When the famous hat brand worn by celebrities like Samuel L. Jackson, Brad Pitt and Gwen Stefani moved into a Pennsylvania factory last year from China, executives with the Bollman Hat Co. billed it as an effort to create U.S. manufacturing jobs.
But as labor costs went up, profits went down. Way down. The 149-year-old company behind Kangol says it’s losing money on every kangaroo-logo cap knitted at its factory in Adamstown, 60 miles west of Philadelphia.
“It has been certainly a bigger challenge than what we could’ve ever dreamed,” said Don Rongione, Bollman’s fedora-wearing president and CEO.
The nation’s oldest hat maker expects a relatively quick turnaround once U.S. workers get better at making the popular Kangol caps. But Bollman’s early struggles with Kangol illustrate why the labor-intensive garment industry left the United States in the first place.
Employment is down 85 percent since 1990 — the biggest decline of any manufacturing sector — as cost-cutting apparel companies shifted production to Asia in search of cheaper labor. Bollman spends about $11 an hour per worker in Pennsylvania vs. $2.60 in China. So why move? In an industry where trends come and go quickly, “it’s incredibly important to incorporate speed into the delivery of the product,” Rongione said.
Other apparel companies are also trying to be more nimble.

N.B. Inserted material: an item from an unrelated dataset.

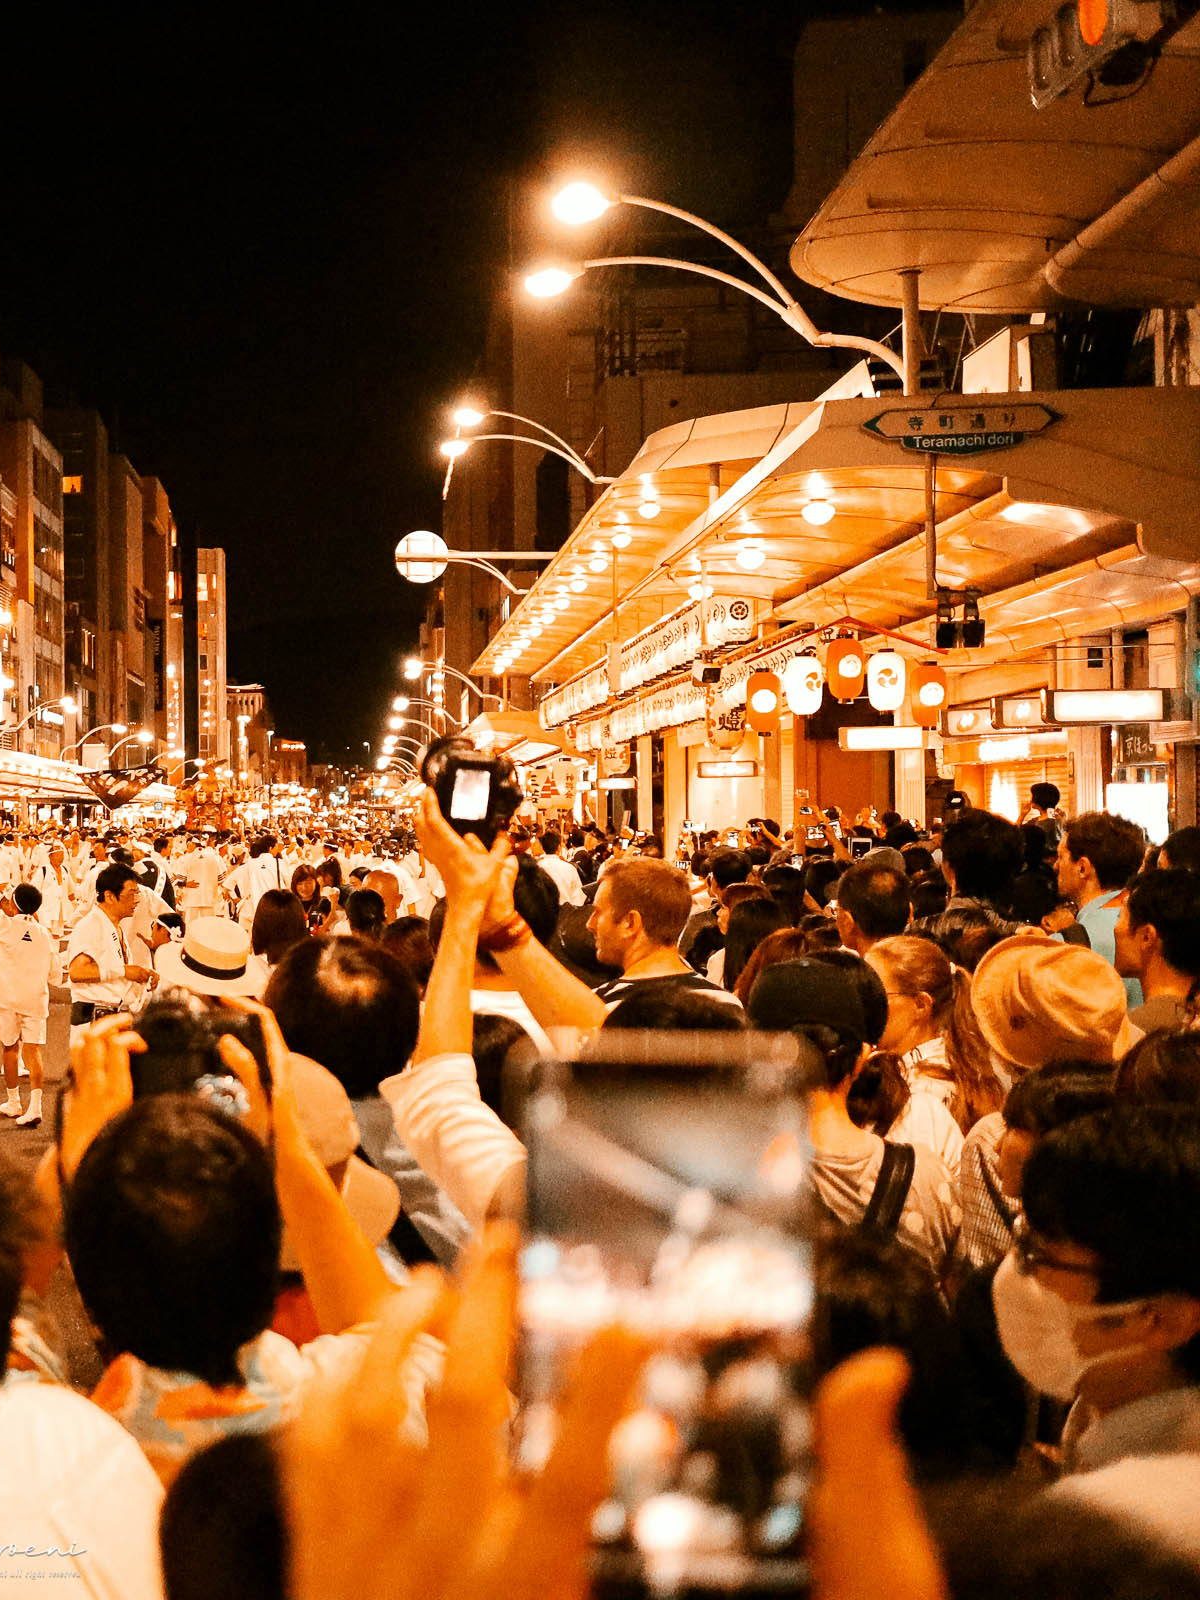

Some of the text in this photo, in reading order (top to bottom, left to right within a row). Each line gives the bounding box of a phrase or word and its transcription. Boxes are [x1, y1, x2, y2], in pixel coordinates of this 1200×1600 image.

[907, 413, 1017, 431] 寺町通り
[912, 433, 1014, 448] Teramachi dori

U.S. apparel production has increased 50 percent since 2009, according to the American Apparel & Footwear Association, as some footwear and clothing makers decided to accept higher labor costs in exchange for greater inventory control and proximity to U.S. customers.
KEEN, for example, began assembling footwear at a plant in Portland, Oregon, in 2010. Sportswear giant Under Armour opened a high-tech facility in Baltimore last year.
“Obviously, if you have a plant in the United States, it’s much easier to respond to trends, produce small runs and get product to market really quickly,” said Nate Herman, the trade group’s senior vice president of supply chain.
Last year, for the first time in decades, the number of manufacturing jobs created by U.S. companies that moved operations back to the nation and by foreign companies investing in America exceeded the number of jobs lost by companies moving overseas, according to the Reshoring Initiative, a nonprofit set up to bring factory jobs back to the United States.
Yet the U.S. garment industry’s production gains also show why President Donald Trump’s campaign pledge to return manufacturing jobs to the U.S. could prove difficult. Increased automation is making it cheaper to sew and knit in the U.S. but requires fewer workers. So, even as apparel makers crank out more U.S.-made shirts and shoes, the industry is losing more jobs than it’s creating. Employment stood at more than 131,000 workers last year, down from a high of 1.4 million in 1973.
Moreover, more than 97 percent of America’s wardrobe still comes from abroad.